Source material Start Marker

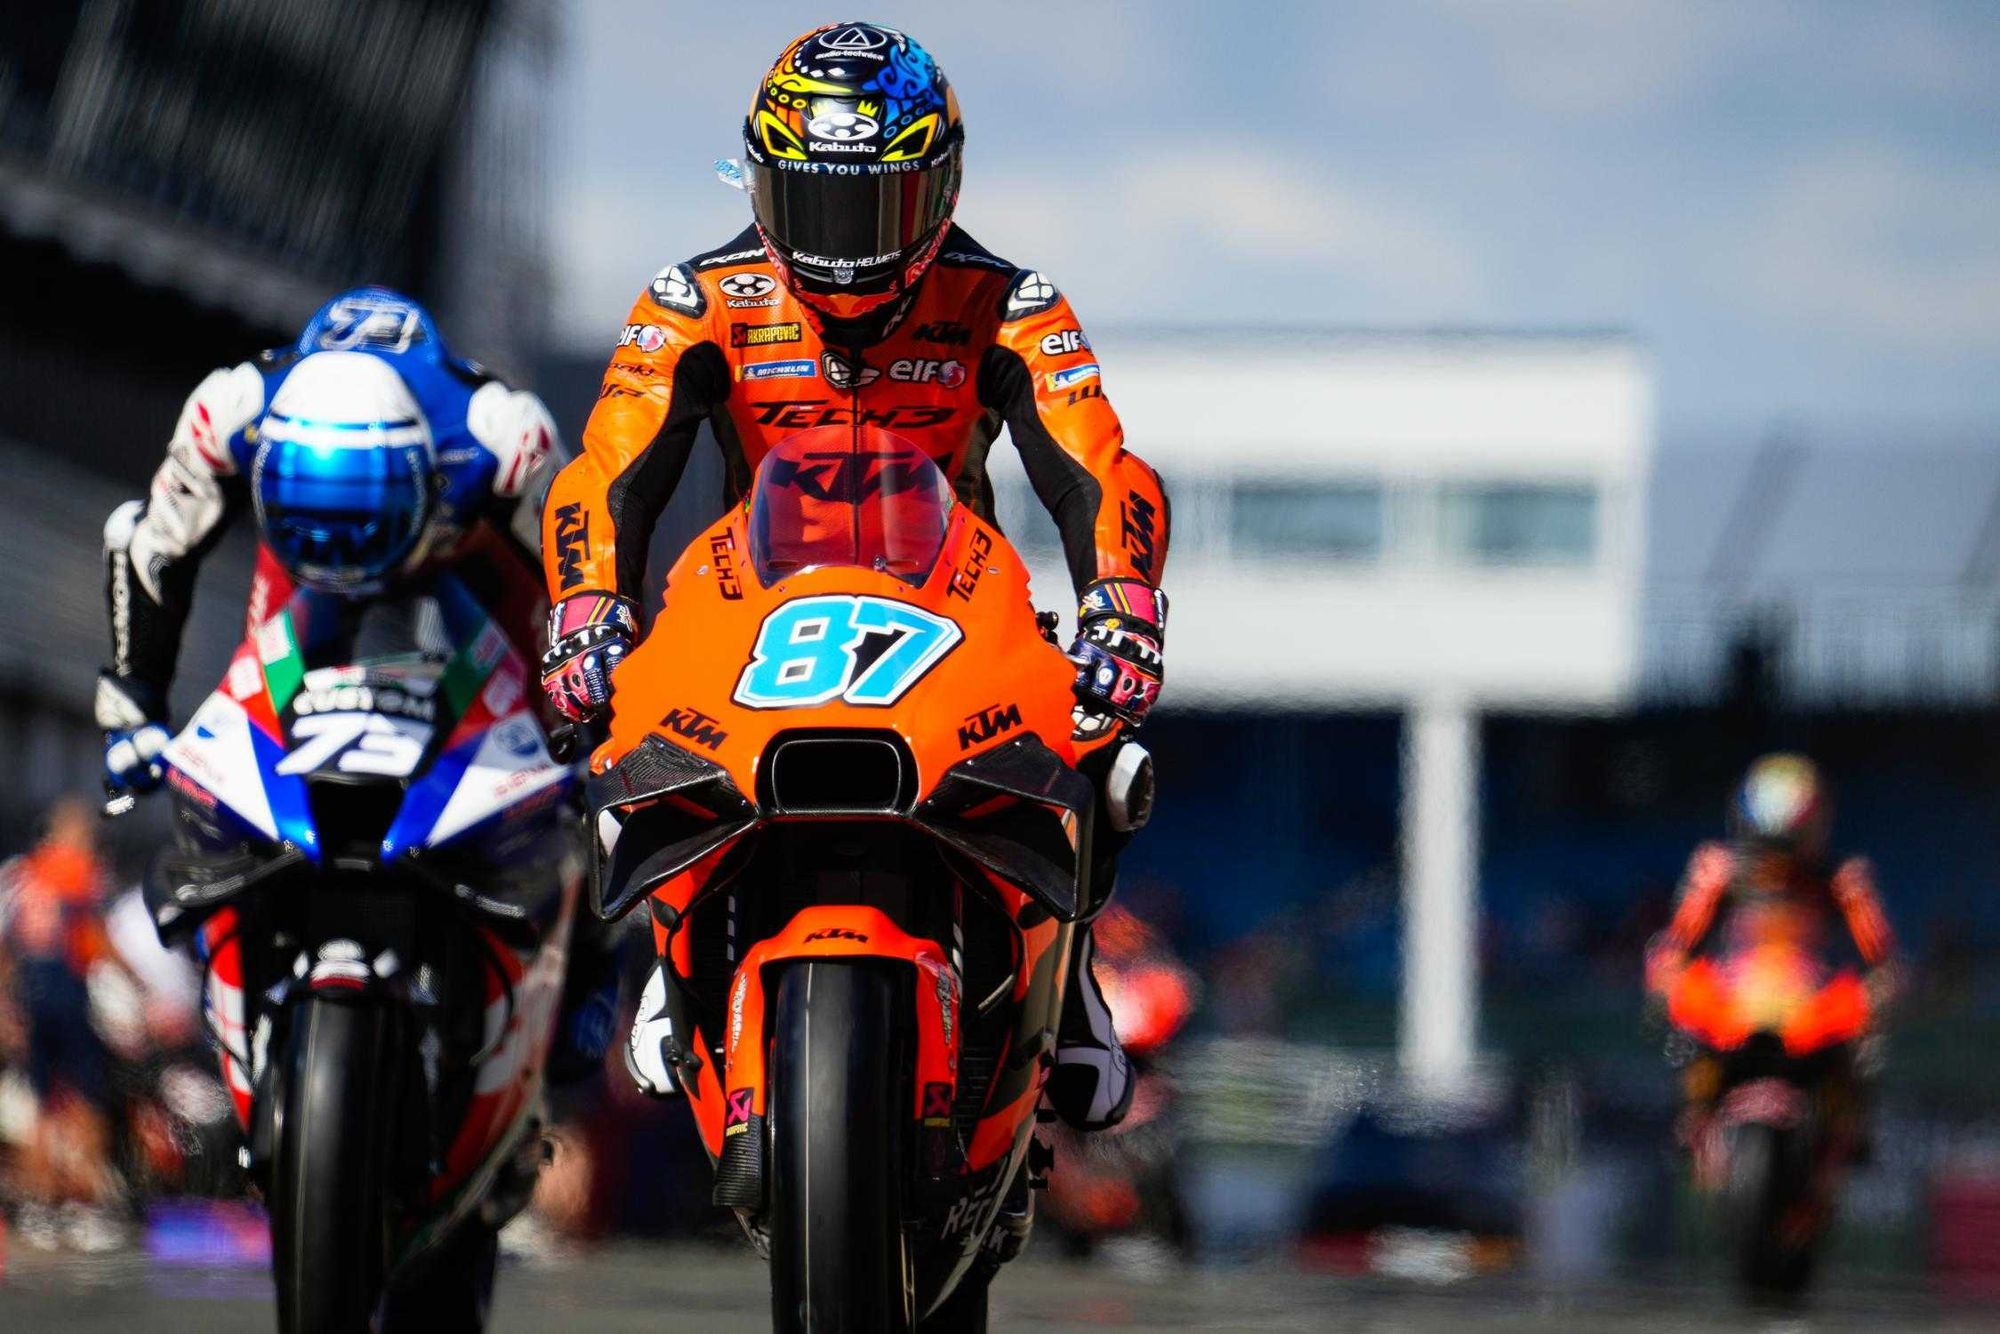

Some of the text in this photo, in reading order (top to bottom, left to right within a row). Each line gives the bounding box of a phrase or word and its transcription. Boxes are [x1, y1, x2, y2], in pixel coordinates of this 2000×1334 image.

[815, 50, 884, 60] audio-technica
[809, 141, 876, 153] Kabuto
[777, 159, 920, 176] GIVES YOU WINGS
[792, 251, 855, 268] Kabuto
[726, 297, 780, 308] Kabuto
[913, 320, 971, 346] KTM
[756, 364, 810, 376] MICHELIN
[889, 359, 939, 382] elf
[554, 501, 591, 593] KTM
[1119, 489, 1155, 584] KTM
[710, 526, 744, 601] TECH3
[945, 527, 993, 602] TECH3
[731, 594, 965, 710] 87
[658, 706, 729, 750] KTM
[957, 704, 1024, 752] KTM
[803, 927, 869, 944] KTM
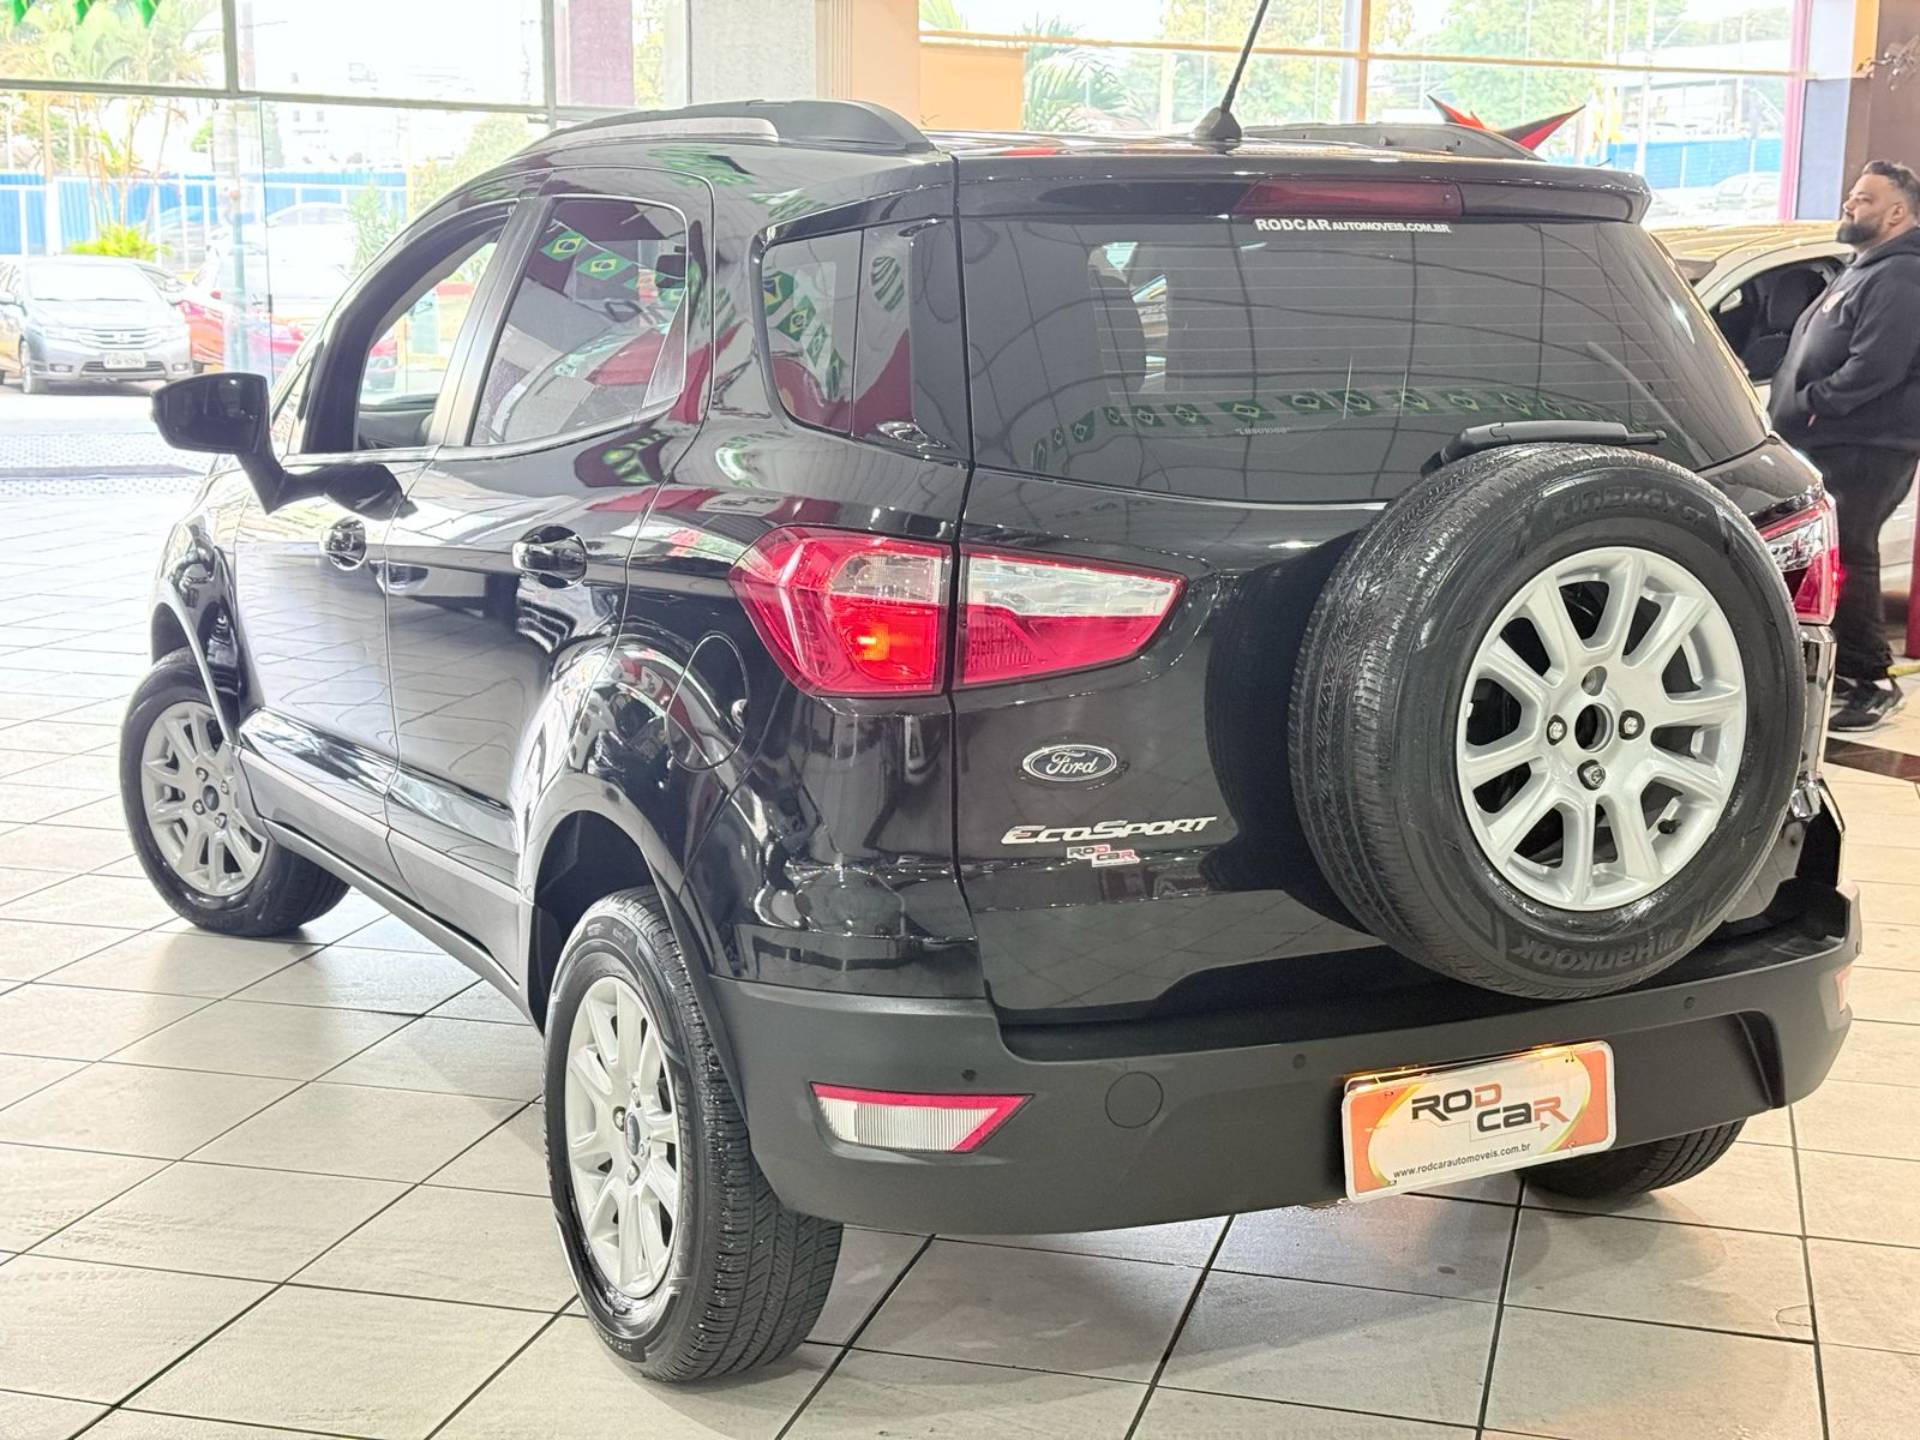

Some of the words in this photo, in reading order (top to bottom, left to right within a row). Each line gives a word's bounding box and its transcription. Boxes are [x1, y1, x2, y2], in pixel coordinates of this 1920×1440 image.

[1046, 750, 1099, 775] Ford
[1411, 1083, 1502, 1121] ROD
[1393, 1141, 1532, 1179] www.rodcarautomoveis.com.br

Source material End Marker

Please repeat each record above precisely, with the pictures left out.

Some of the text in this photo, in reading order (top to bottom, left to right within a row). Each line gives the bounding box of a phrase or word and its transcription. Boxes are [x1, y1, x2, y2], in pixel coordinates of this 2000×1334 image.

[815, 50, 884, 60] audio-technica
[809, 141, 876, 153] Kabuto
[777, 159, 920, 176] GIVES YOU WINGS
[792, 251, 855, 268] Kabuto
[726, 297, 780, 308] Kabuto
[913, 320, 971, 346] KTM
[756, 364, 810, 376] MICHELIN
[889, 359, 939, 382] elf
[554, 501, 591, 593] KTM
[1119, 489, 1155, 584] KTM
[710, 526, 744, 601] TECH3
[945, 527, 993, 602] TECH3
[731, 594, 965, 710] 87
[658, 706, 729, 750] KTM
[957, 704, 1024, 752] KTM
[803, 927, 869, 944] KTM

Some of the words in this photo, in reading order (top to bottom, left to right within a row). Each line gives a word's bounding box and its transcription. Boxes are [x1, y1, x2, y2], in pixel coordinates of this 1920×1440 image.

[1046, 750, 1099, 775] Ford
[1411, 1083, 1502, 1121] ROD
[1393, 1141, 1532, 1179] www.rodcarautomoveis.com.br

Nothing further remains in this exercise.